▸ Exercise description:
With the images removed, return every line below exactly as it reads.
+++ Records supplied +++
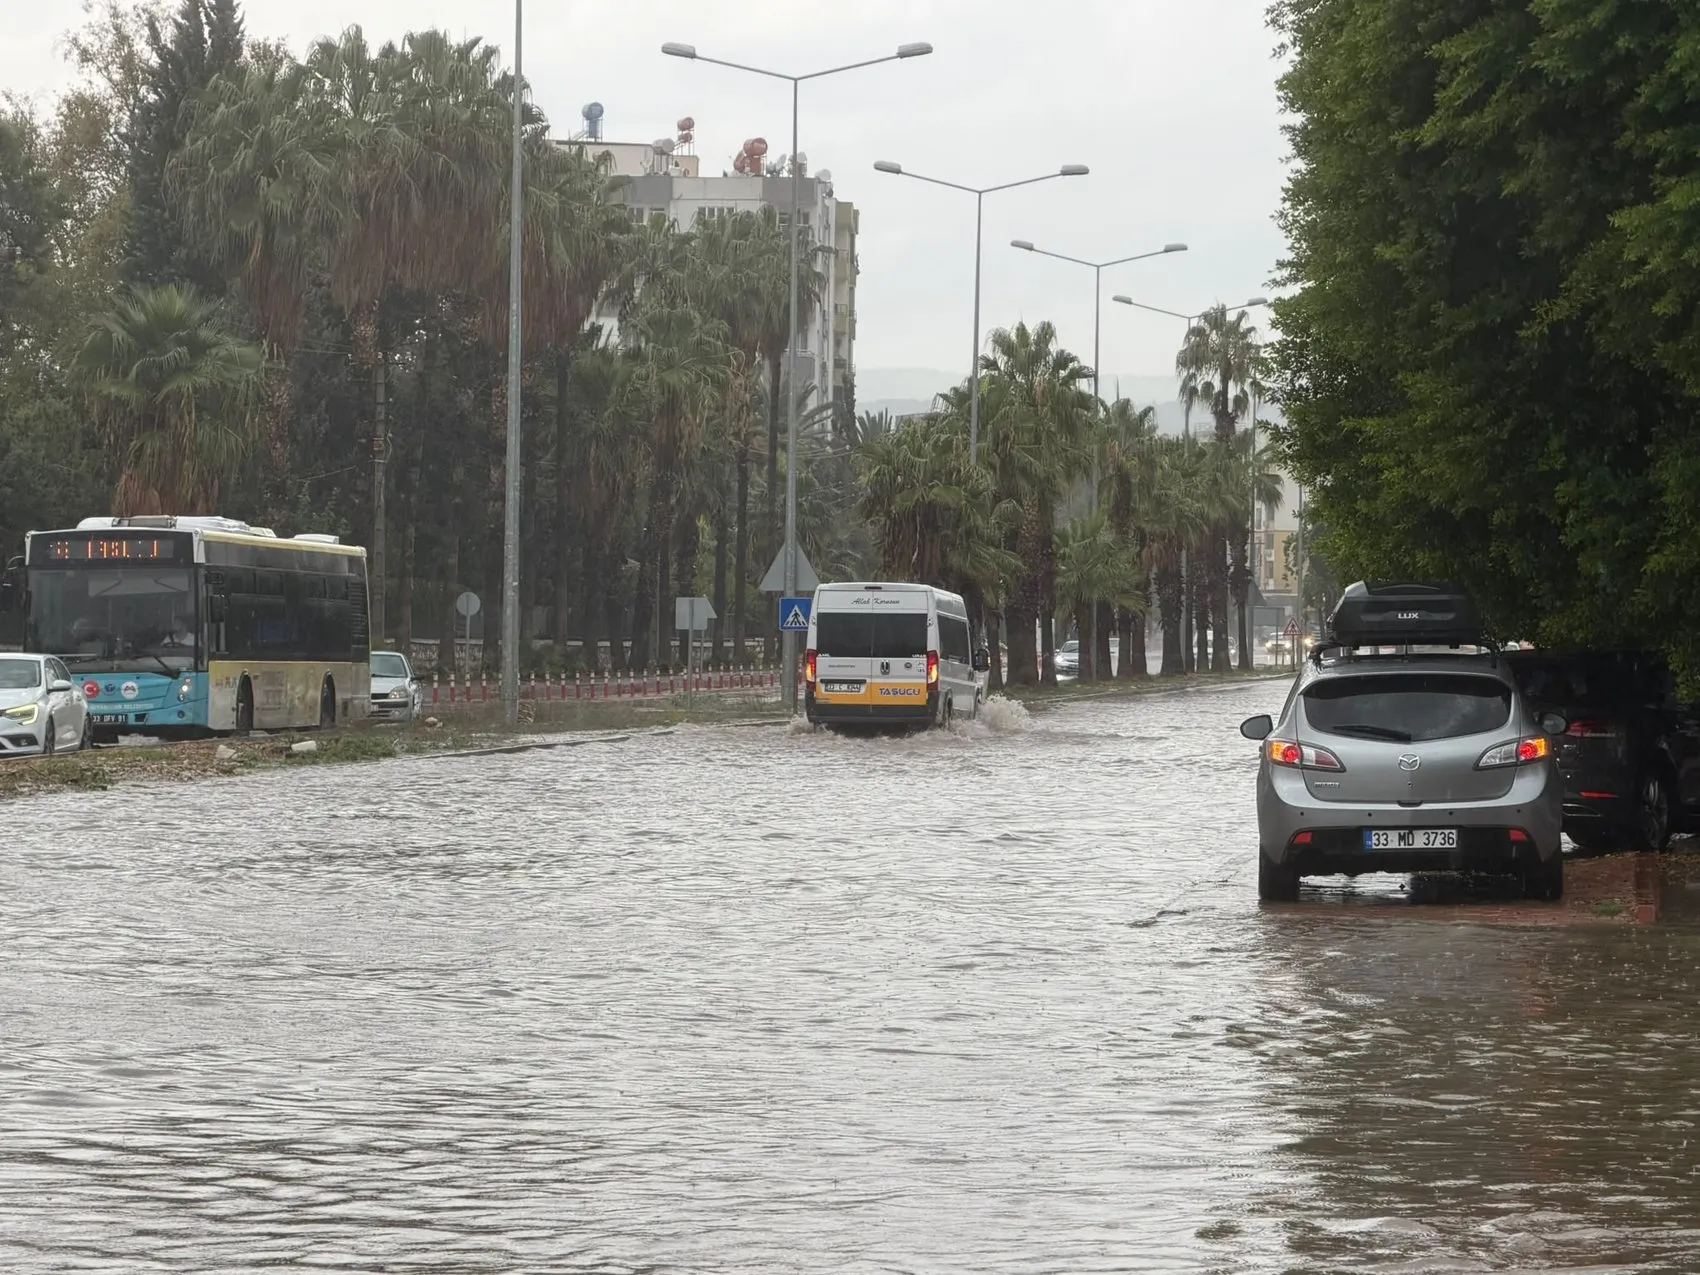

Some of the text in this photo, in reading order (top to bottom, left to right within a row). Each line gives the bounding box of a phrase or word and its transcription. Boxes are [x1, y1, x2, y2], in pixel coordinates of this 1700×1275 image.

[1373, 831, 1455, 847] 33 MD 3736
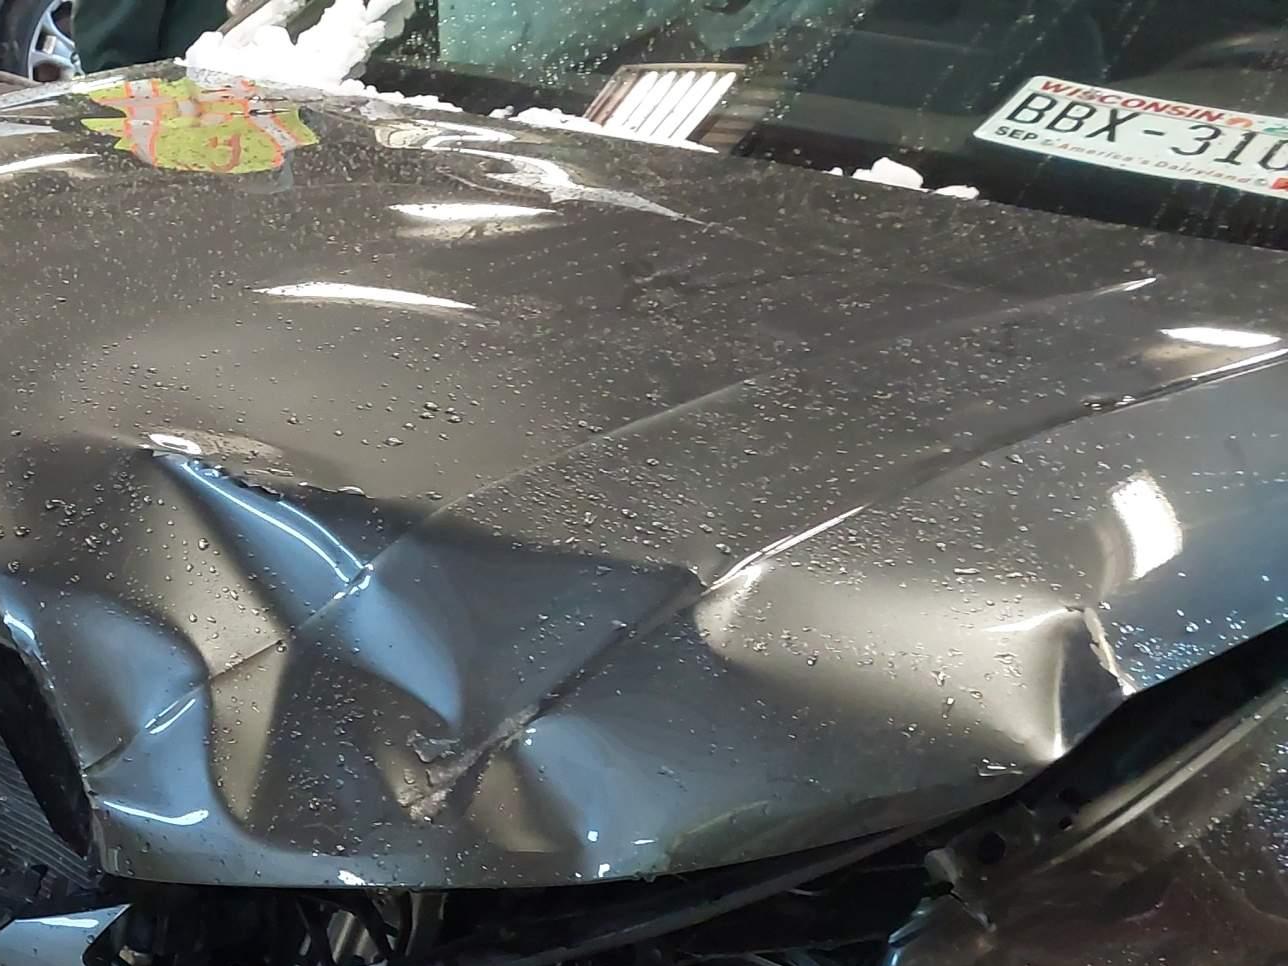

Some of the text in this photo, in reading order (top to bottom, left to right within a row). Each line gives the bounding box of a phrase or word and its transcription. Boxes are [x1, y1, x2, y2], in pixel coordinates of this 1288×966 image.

[1040, 80, 1224, 121] WISCONSIN
[994, 126, 1039, 141] SEP
[1056, 142, 1252, 184] America's Dairyland
+++
▸ Solved exercise:
Some of the text in this photo, in reading order (top to bottom, left to right within a row). Each line gives the bounding box of a phrase or word and its transcription. Boxes are [x1, y1, x2, y2], in pixel coordinates of this 1700×1275 image.

[1373, 831, 1455, 847] 33 MD 3736

Some of the text in this photo, in reading order (top to bottom, left to right within a row). Each line gives the bounding box of a phrase or word and its transcription. Boxes are [x1, y1, x2, y2], in pixel coordinates of this 1288×966 image.

[1040, 80, 1224, 121] WISCONSIN
[994, 126, 1039, 141] SEP
[1056, 142, 1252, 184] America's Dairyland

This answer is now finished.